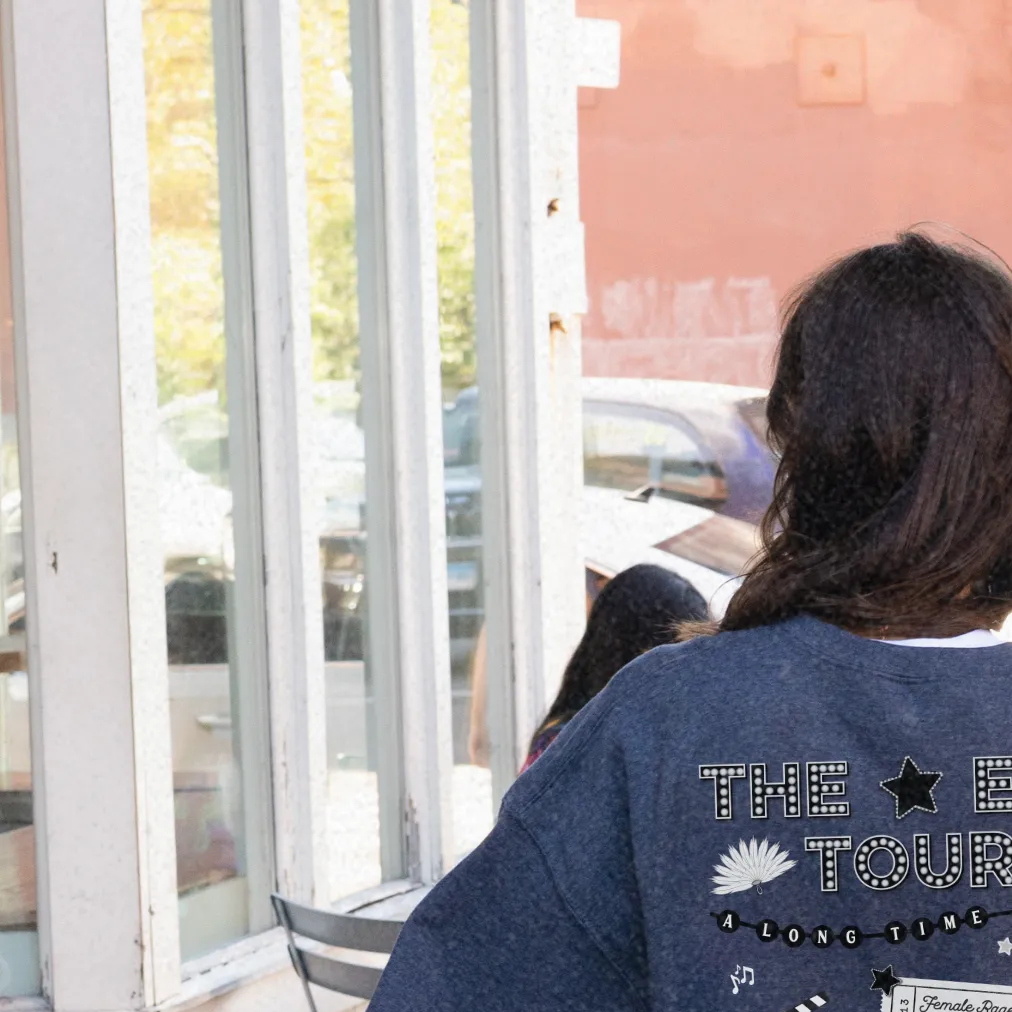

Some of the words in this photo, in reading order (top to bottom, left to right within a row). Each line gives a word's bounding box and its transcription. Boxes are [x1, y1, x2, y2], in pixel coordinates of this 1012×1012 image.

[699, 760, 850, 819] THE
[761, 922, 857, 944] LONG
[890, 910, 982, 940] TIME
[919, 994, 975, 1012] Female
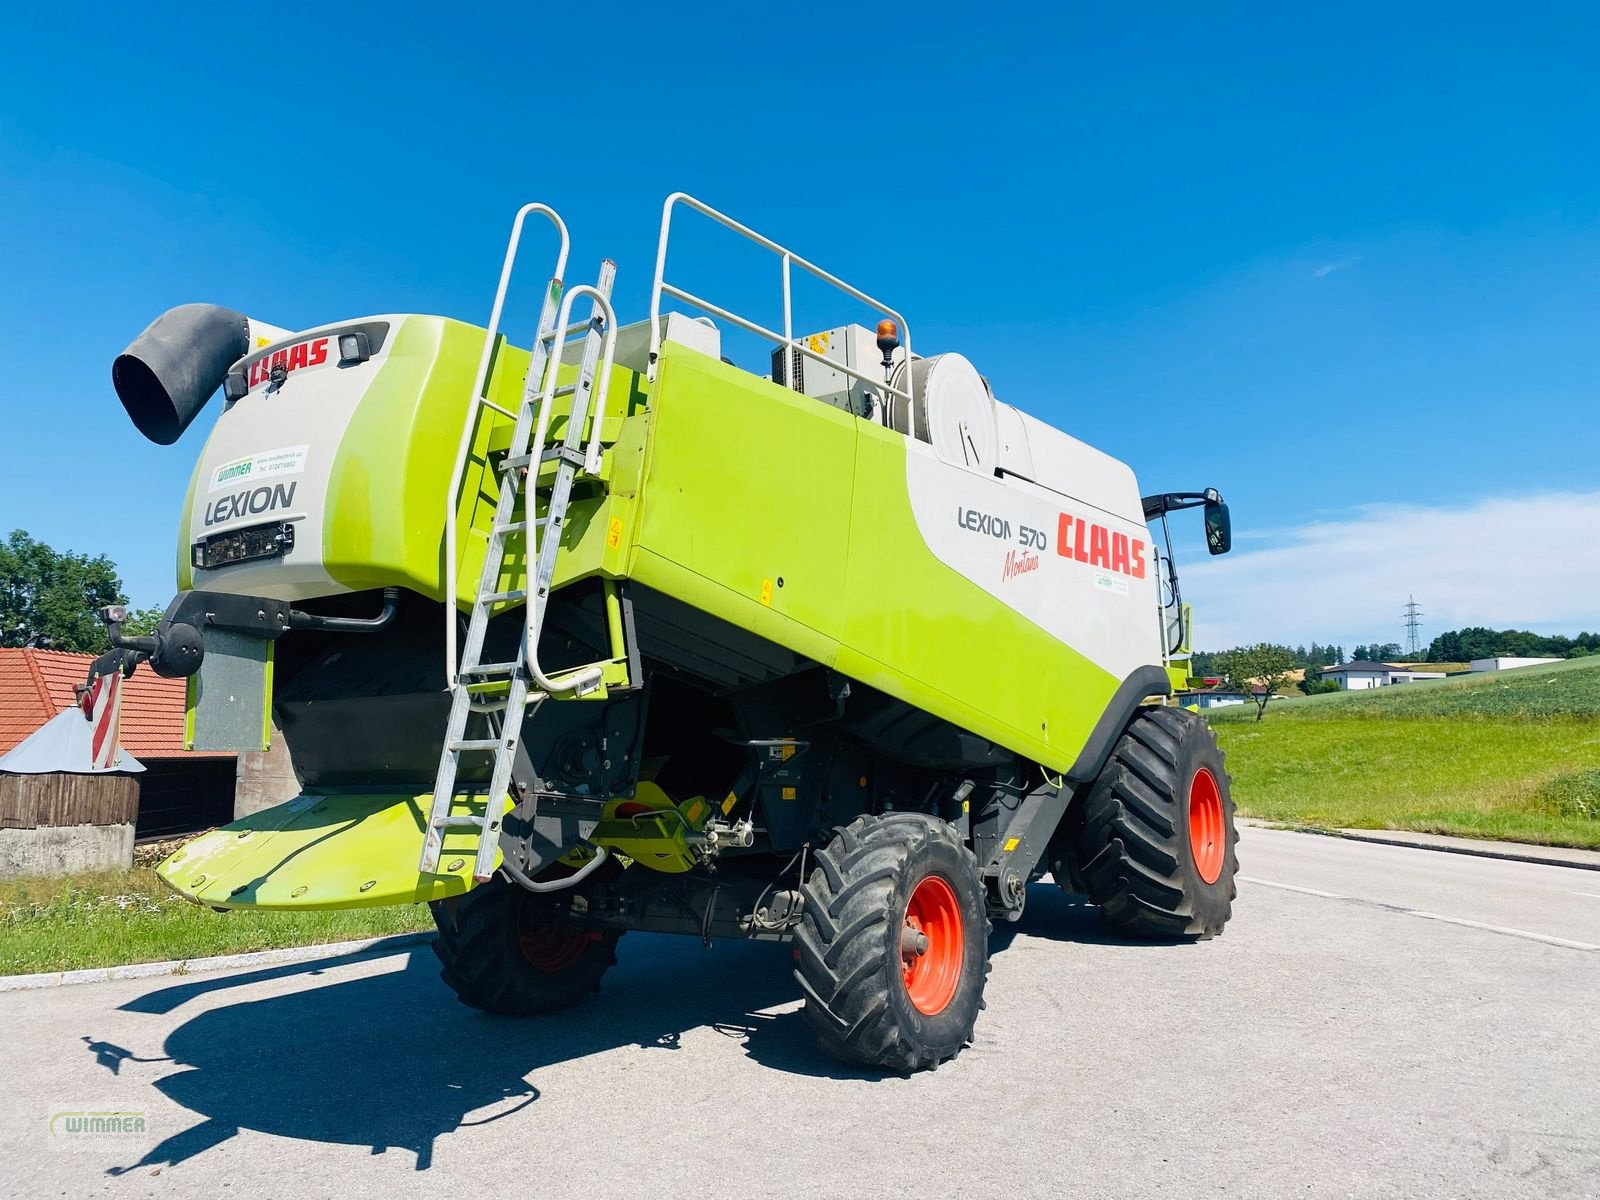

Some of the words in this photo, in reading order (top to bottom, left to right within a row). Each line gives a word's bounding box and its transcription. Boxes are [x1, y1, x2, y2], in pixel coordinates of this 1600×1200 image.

==

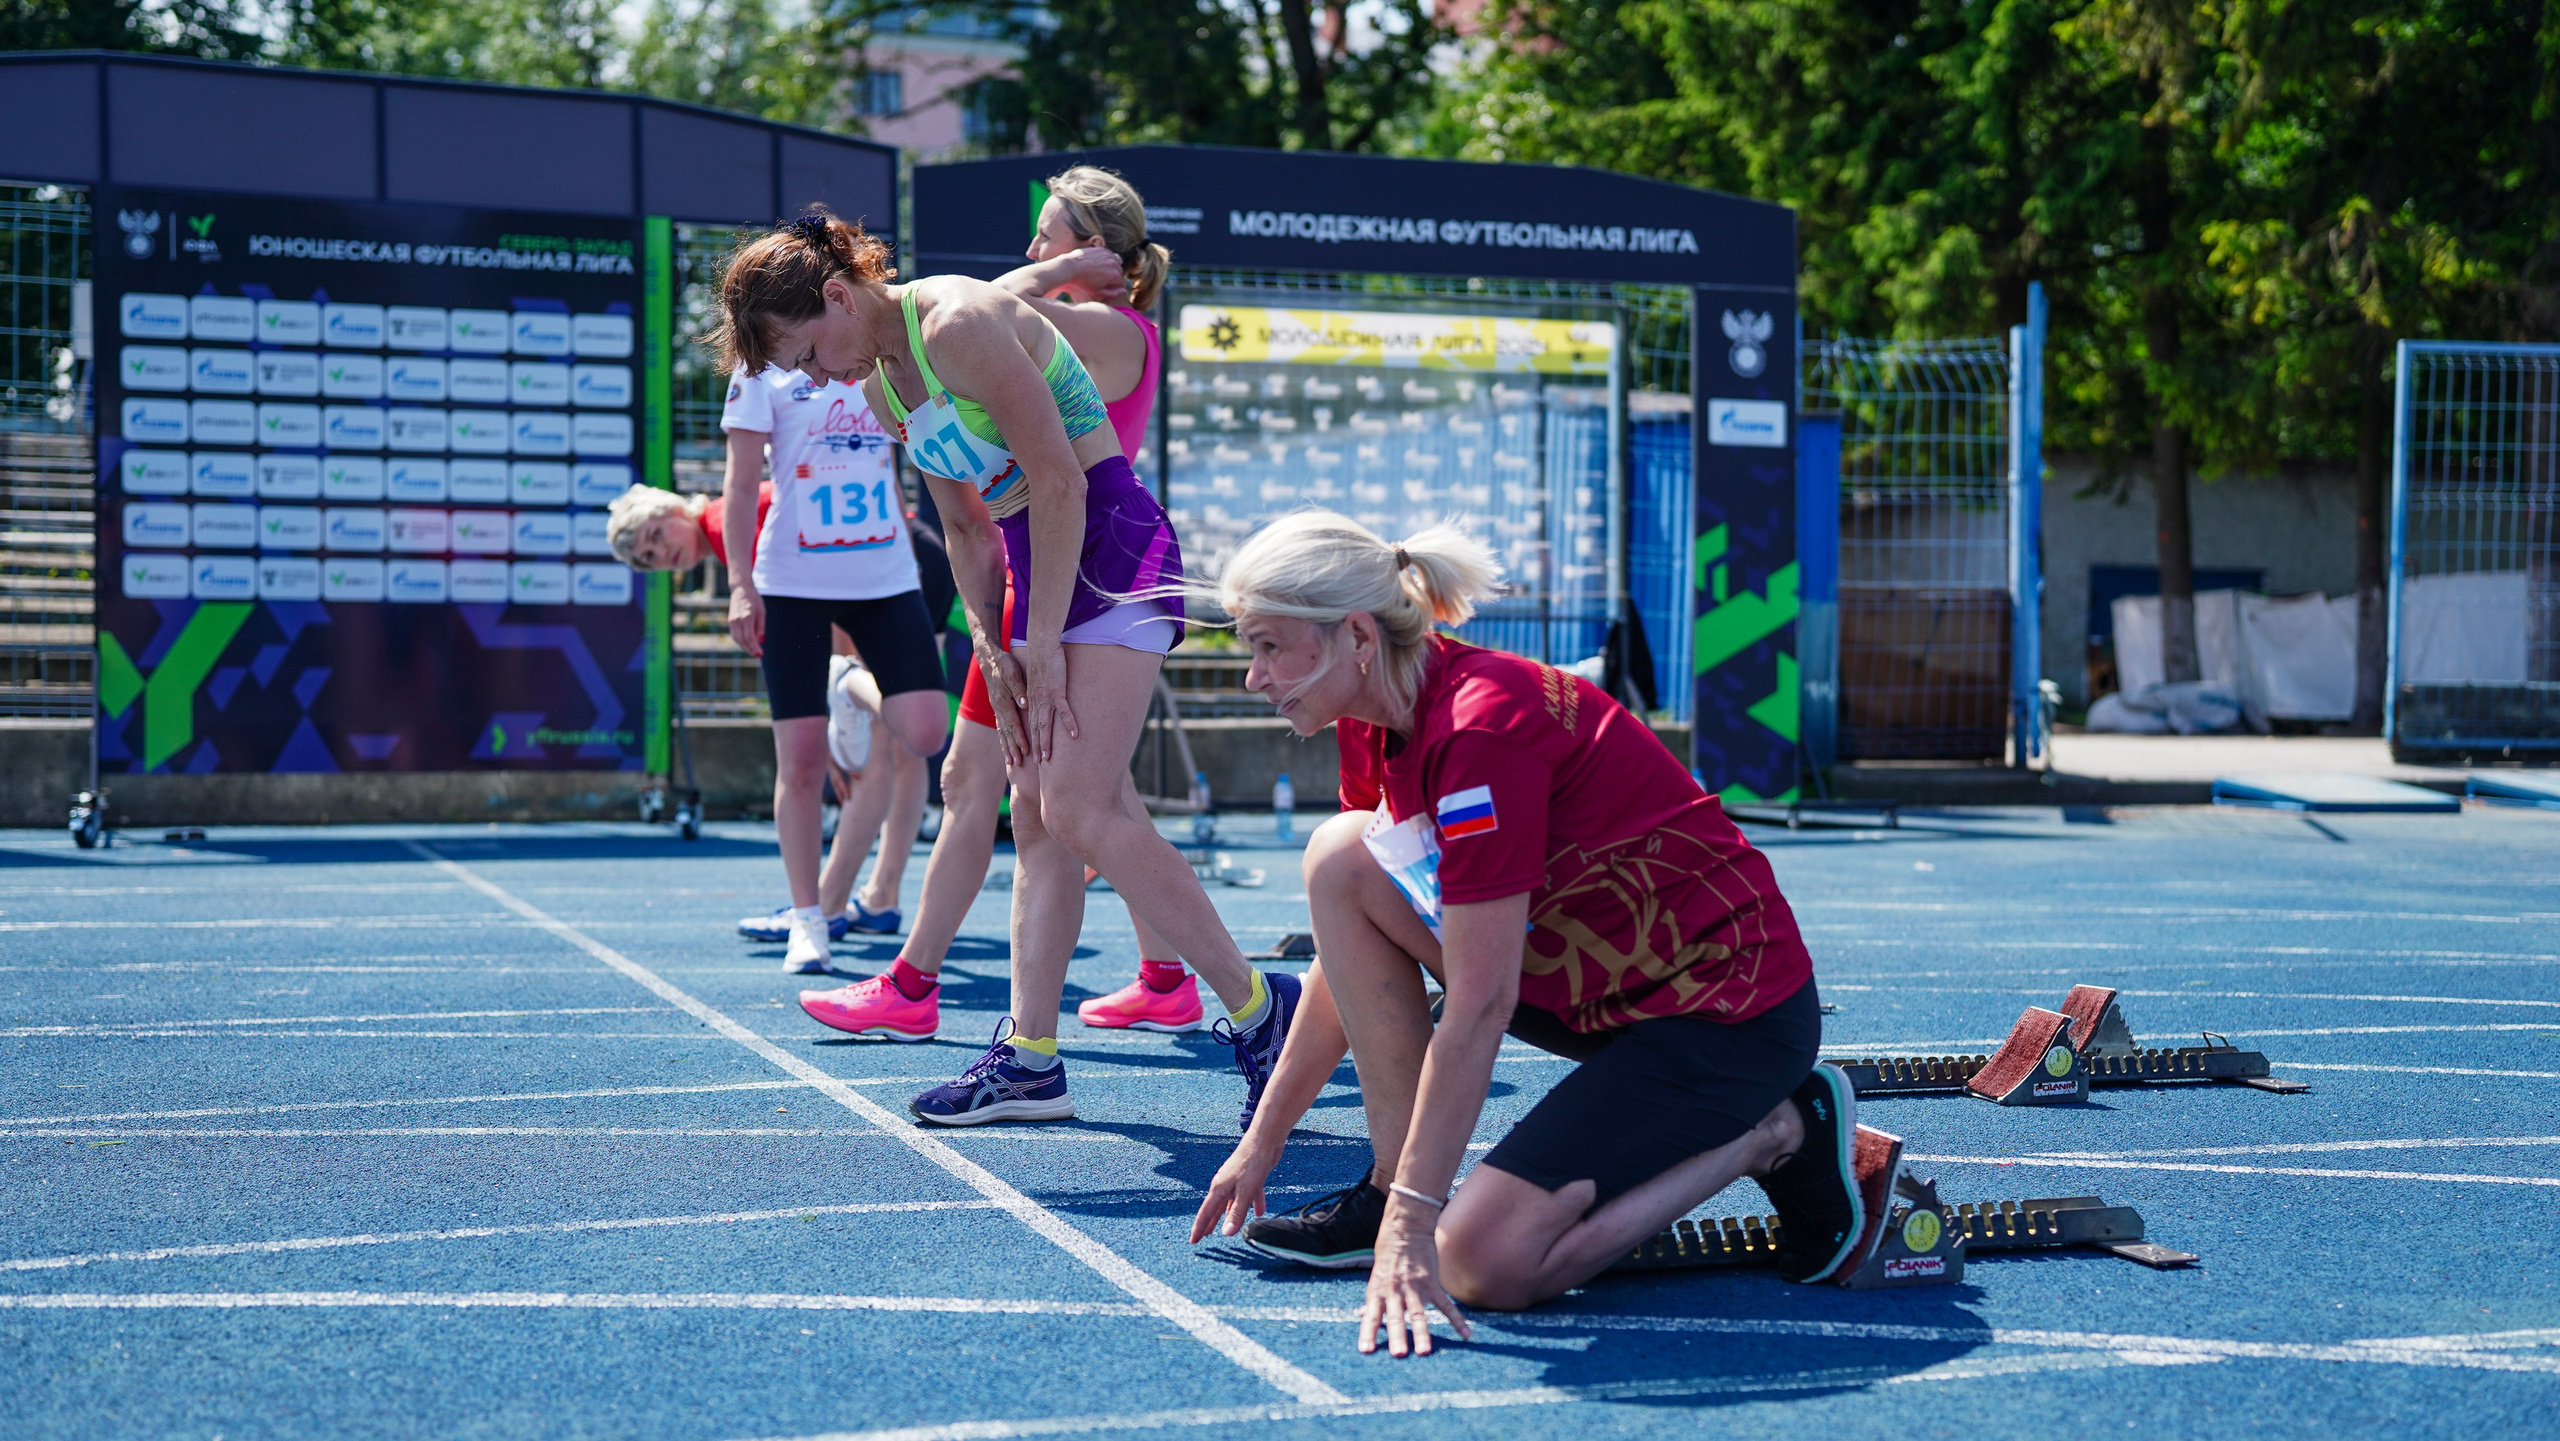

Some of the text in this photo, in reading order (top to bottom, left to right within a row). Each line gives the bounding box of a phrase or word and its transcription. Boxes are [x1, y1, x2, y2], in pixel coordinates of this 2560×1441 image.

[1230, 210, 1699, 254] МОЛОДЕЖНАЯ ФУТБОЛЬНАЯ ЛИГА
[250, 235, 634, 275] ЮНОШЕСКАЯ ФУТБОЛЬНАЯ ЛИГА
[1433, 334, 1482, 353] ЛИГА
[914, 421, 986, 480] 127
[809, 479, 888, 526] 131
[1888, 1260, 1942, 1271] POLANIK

The task — From the records above, output only the lines starting at the one containing "this 1012×1012 image." and ending at the one containing "this 1600×1200 image.", word for word. Pictures stay out.

Solved exercise —
Some of the words in this photo, in reading order (top to bottom, left to right within a row). Each line gives a word's bounding box and its transcription. Boxes are [x1, y1, x2, y2], in pixel coordinates of this 1012×1012 image.

[699, 760, 850, 819] THE
[761, 922, 857, 944] LONG
[890, 910, 982, 940] TIME
[919, 994, 975, 1012] Female

Some of the words in this photo, in reading order (top to bottom, left to right within a row). Each line gives a word's bounding box and its transcription. Boxes are [x1, y1, x2, y2], in pixel coordinates of this 1600×1200 image.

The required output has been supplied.